● PROVIDED RECORDS:
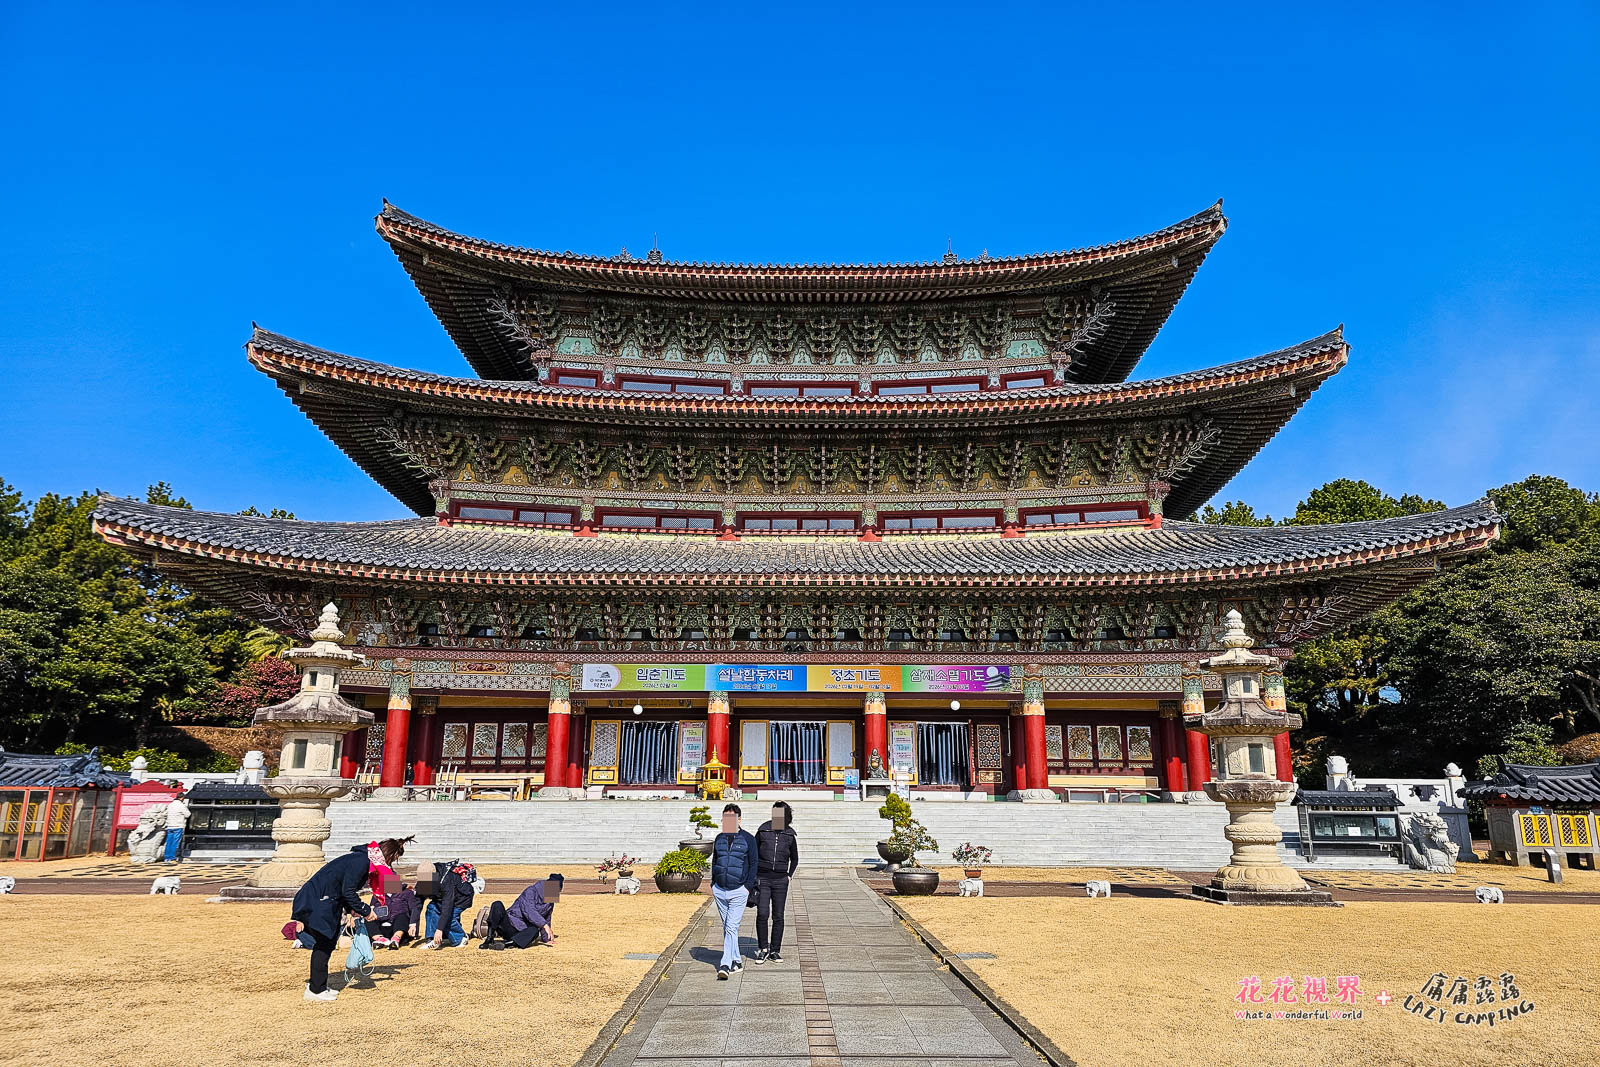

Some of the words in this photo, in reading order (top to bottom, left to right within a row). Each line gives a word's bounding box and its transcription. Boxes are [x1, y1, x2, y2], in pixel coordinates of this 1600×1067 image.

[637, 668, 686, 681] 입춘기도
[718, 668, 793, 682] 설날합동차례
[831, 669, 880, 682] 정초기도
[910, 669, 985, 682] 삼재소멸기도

● TASK ITEM:
Print the material above exactly, skipping its images.

● EXERCISE ANSWER:
Some of the words in this photo, in reading order (top to bottom, left to right within a row). Each line gives a word's bounding box and its transcription. Boxes are [x1, y1, x2, y2], in pixel coordinates of this 1600×1067 image.

[637, 668, 686, 681] 입춘기도
[718, 668, 793, 682] 설날합동차례
[831, 669, 880, 682] 정초기도
[910, 669, 985, 682] 삼재소멸기도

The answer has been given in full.